● EXTRACTED DATA
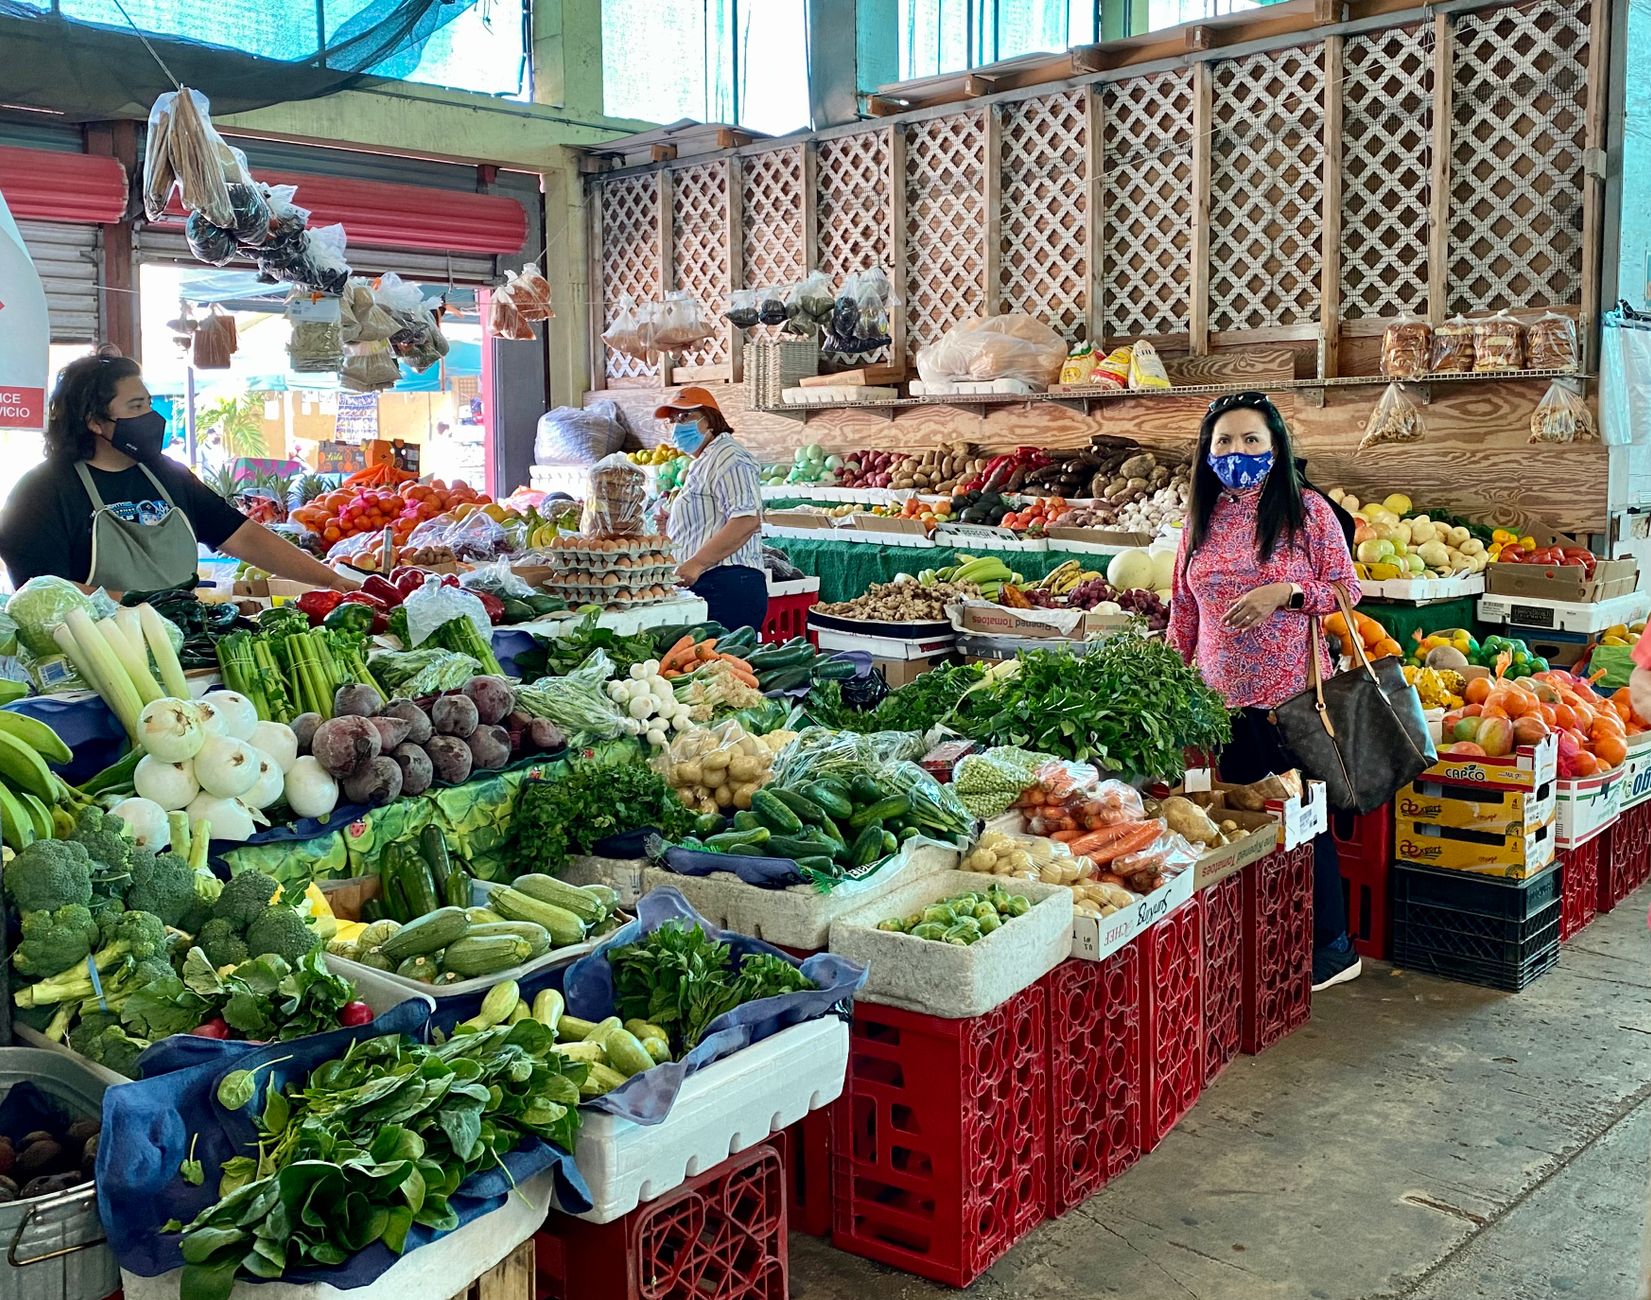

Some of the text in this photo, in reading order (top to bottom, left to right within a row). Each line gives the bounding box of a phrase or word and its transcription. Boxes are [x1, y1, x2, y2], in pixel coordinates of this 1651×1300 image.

[972, 615, 1013, 628] Tomatoes
[1445, 768, 1486, 782] CAPCO
[1201, 854, 1236, 878] Tomatoes
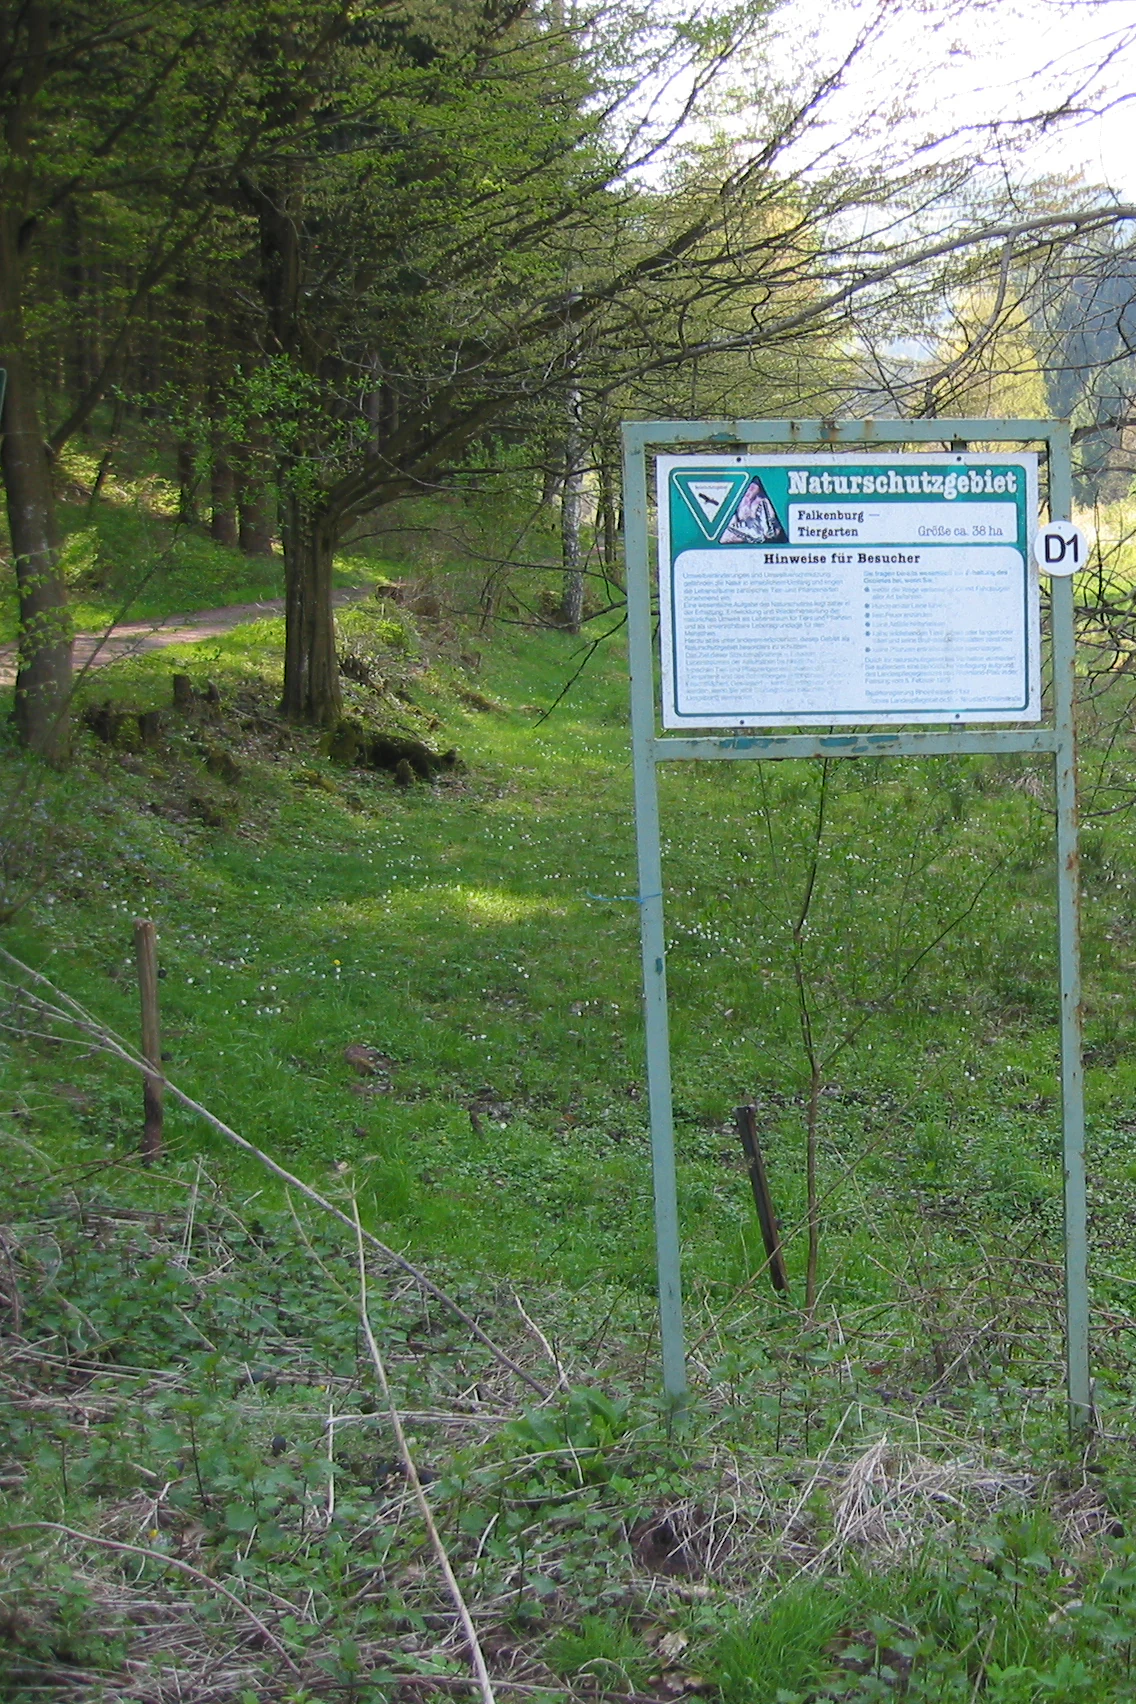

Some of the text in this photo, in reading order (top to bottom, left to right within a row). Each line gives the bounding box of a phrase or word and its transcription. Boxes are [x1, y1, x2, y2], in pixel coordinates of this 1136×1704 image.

● PROMPT
Could you retype all the entries exactly, skipping the pictures?

● EXPECTED ANSWER
Some of the text in this photo, in reading order (top to bottom, left to right within a row). Each line gives the bounding box of a phrase or word and its transcription. Boxes are [x1, y1, x2, y2], in pixel coordinates of this 1651×1300 image.

[972, 615, 1013, 628] Tomatoes
[1445, 768, 1486, 782] CAPCO
[1201, 854, 1236, 878] Tomatoes

Some of the text in this photo, in reading order (top to bottom, left to right within a row). Each line gives the bounding box of a phrase or word and its transcription. Boxes are [x1, y1, x2, y2], in pixel coordinates of this 1136×1704 image.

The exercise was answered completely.